Discovering web services in social web service repositories using deep variational autoencoders
Introduction
The SOC (Service Oriented Computing) paradigm has become essential for developing Web 2.0 applications. SOC promotes assembling Internet-accessible components, called services, to create new applications. Applications can be developed using existing services as basic software components, potentially decreasing the cost of developing new software due to increased code reuse. Web Services, the most common technological materialization of SOC, are common in the industry because they expose functionality and data that can be seamlessly accessed remotely. Furthermore, as social networks and Web Service-powered computing paradigms such as Cloud Computing became more popular, new applications, which combine Web Services from different sources –or mashups– emerged (Garriga, Mateos, Flores, Cechich, & Zunino, 2016).
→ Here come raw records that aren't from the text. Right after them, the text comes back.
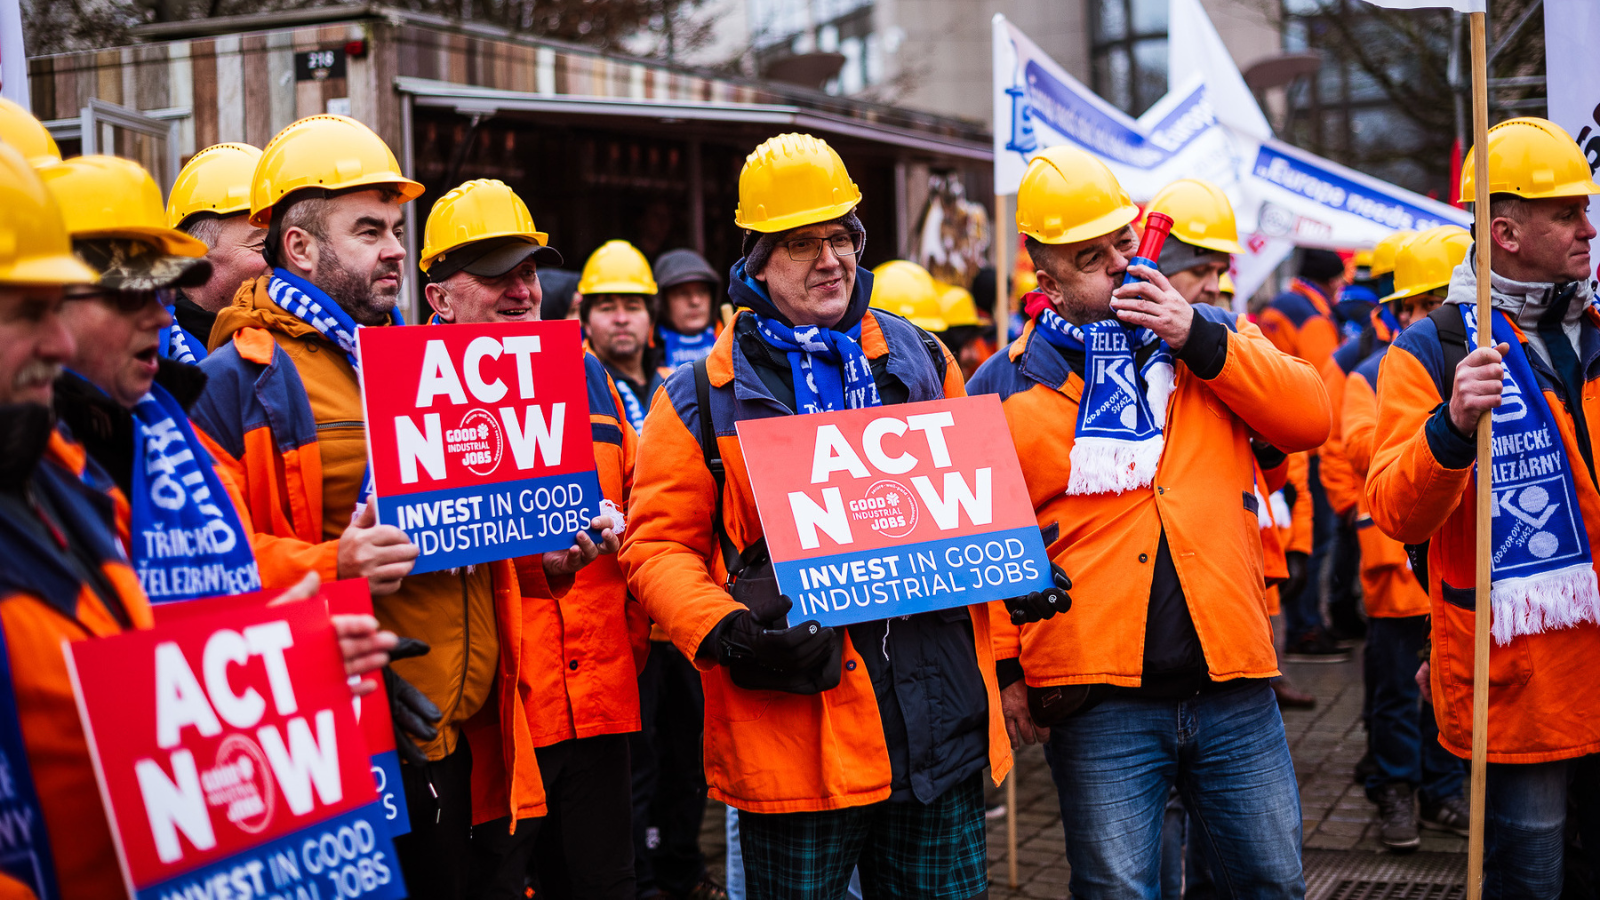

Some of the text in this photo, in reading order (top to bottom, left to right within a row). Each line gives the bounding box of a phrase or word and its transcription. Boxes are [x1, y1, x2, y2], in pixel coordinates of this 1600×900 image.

[1089, 327, 1130, 351] ŽELEZ
[415, 335, 542, 408] ACT
[1086, 387, 1124, 424] ODBOROVÝ
[1111, 395, 1132, 414] SVAZ
[394, 402, 566, 484] NOW
[446, 428, 477, 442] GOOD
[447, 441, 490, 453] INDUSTRIAL
[810, 411, 955, 484] ACT
[1492, 421, 1552, 457] ŘINECKÉ
[462, 450, 492, 466] JOBS
[1492, 450, 1561, 483] LEZÁRNY
[397, 483, 583, 531] INVEST IN GOOD
[787, 466, 993, 550] NOW
[849, 497, 886, 512] GOOD
[852, 507, 902, 520] INDUSTRIAL
[871, 515, 906, 530] JOBS
[411, 508, 591, 557] DUSTRIAL JOBS
[1493, 519, 1524, 563] ODBOROVÝ
[1515, 526, 1534, 547] SVAZ
[798, 537, 1025, 590] INVEST IN GOOD
[798, 559, 1039, 616] INDUSTRIAL JOBS
[154, 620, 299, 750] ACT
[134, 708, 343, 865] NOW
[268, 847, 302, 889] IN
[302, 819, 376, 874] GOOD
[328, 851, 391, 900] JOBS
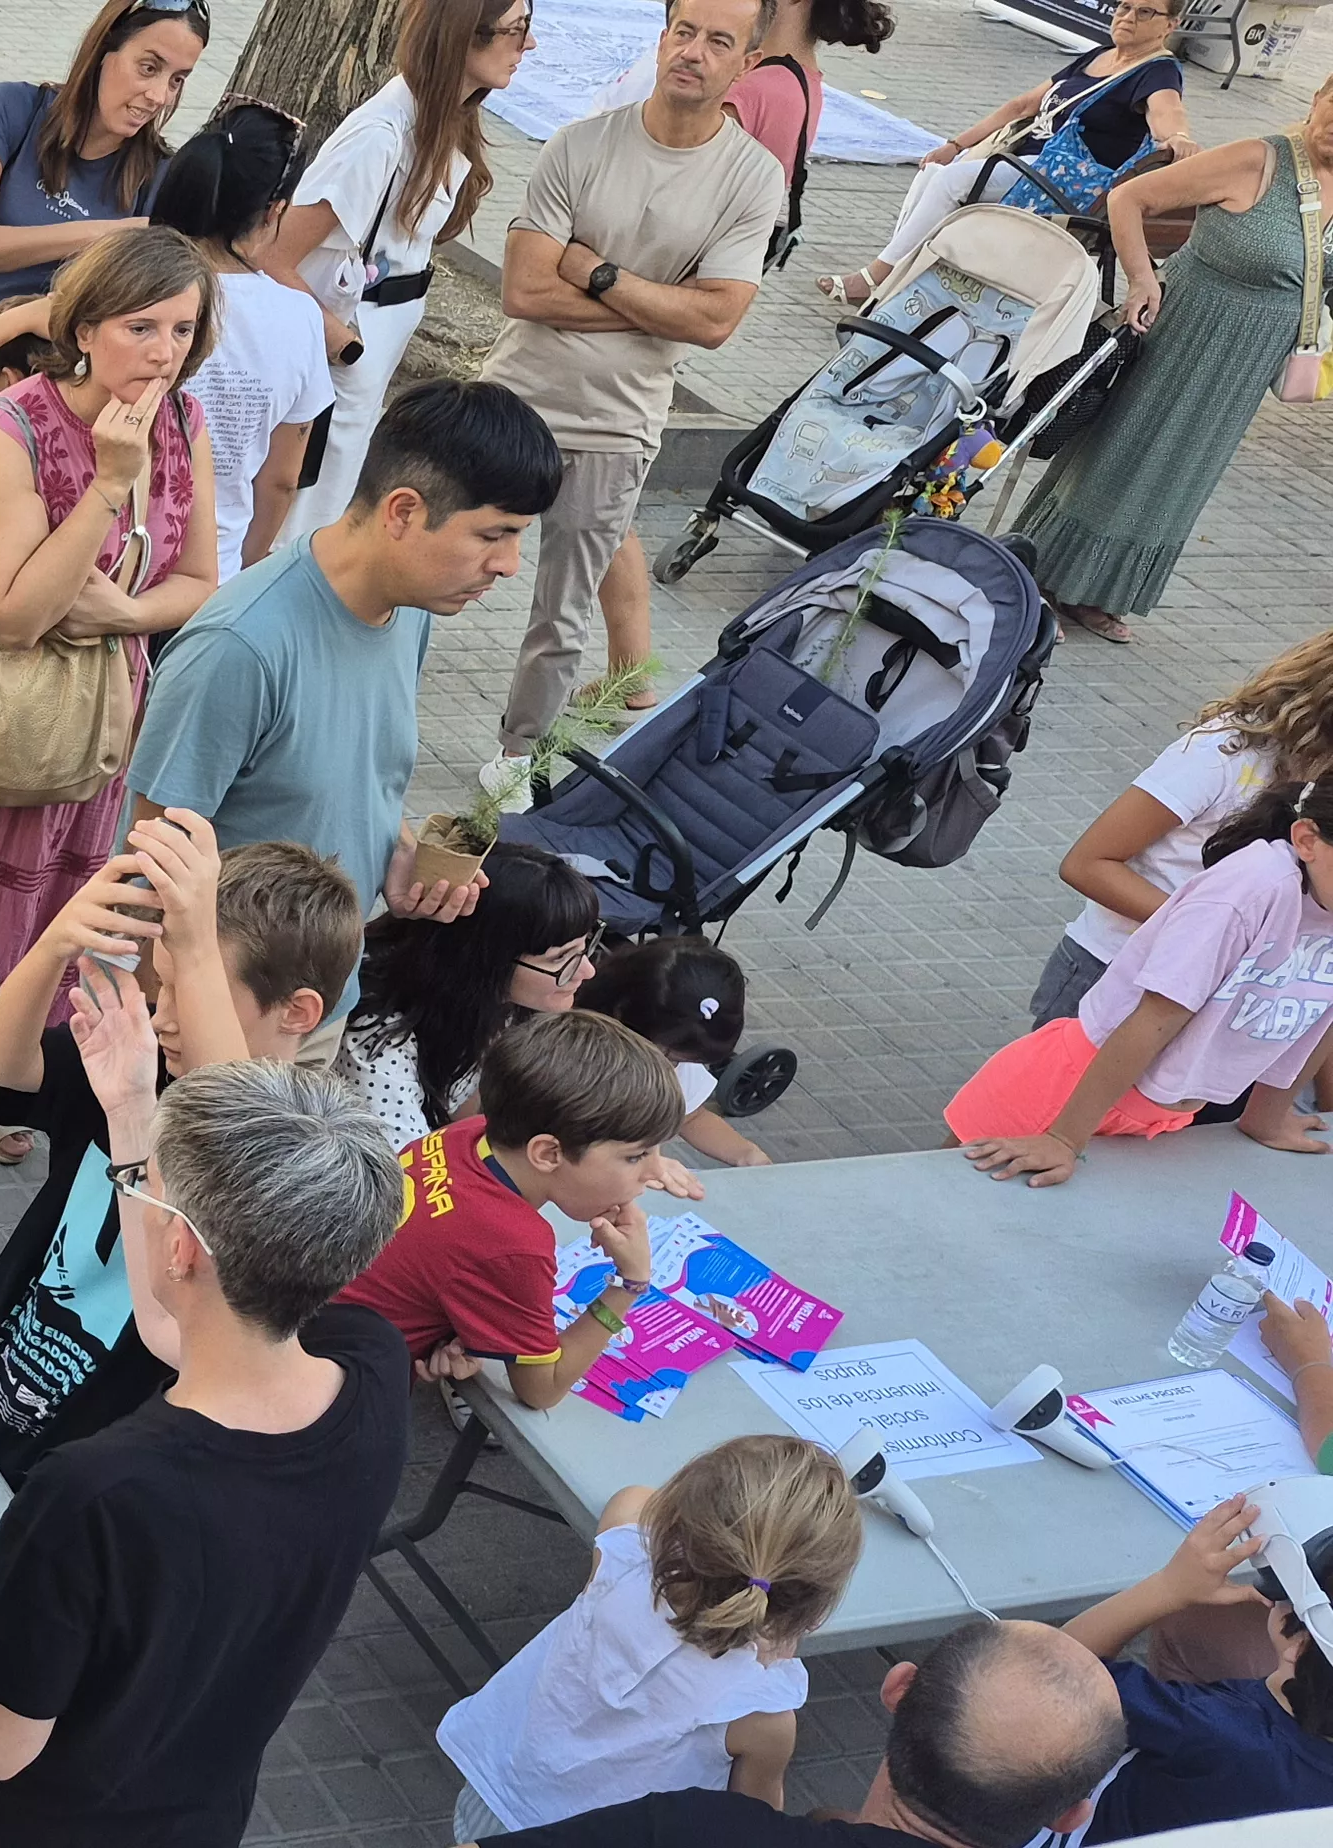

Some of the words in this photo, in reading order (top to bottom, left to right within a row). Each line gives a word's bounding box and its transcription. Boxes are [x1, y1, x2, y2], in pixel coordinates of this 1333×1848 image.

[814, 1359, 877, 1384] grupos
[797, 1395, 832, 1412] los
[828, 1393, 854, 1410] de
[854, 1380, 945, 1406] influencia
[1109, 1392, 1155, 1406] WELLME
[1154, 1385, 1196, 1399] PROJECT
[874, 1408, 929, 1429] social
Web Service descriptions enable consumers to utilize services without having to know how they are implemented because each description acts as an API documentation. These descriptions not only define service data-types and operations, but also support communication protocols, such as HTTP and SOAP, and data formats, such as JSON and XML. Web Service descriptions are produced by using markup-based Web Service description languages (Chinnici, Moreau, Ryman, & Weerawarana, 2007), which are built upon standard markup languages –mainly XML– and textual content, or semantic description languages (David, Mark, Drew, Sheila, Massimo, Katia, Deborah, Evren, Naveen, 2007, Roman, Keller, Lausen, de Bruijn, Lara, 2005) that exploit ontologies. Additionally, these descriptions can be SOAP-oriented or REST. SOAP-oriented Web Services are described through markup-based description languages such as WSDL or semantic description languages such as OWL or SAWSDL. In contrast, REST Web Services use newer, yet less widespread, descriptions such as WADL and OpenAPI Specification for markup-based descriptions or SA-REST (Gomadam, Ranabahu, & Sheth, Lathem, Gomadam, Sheth, 2007) for semantic descriptions.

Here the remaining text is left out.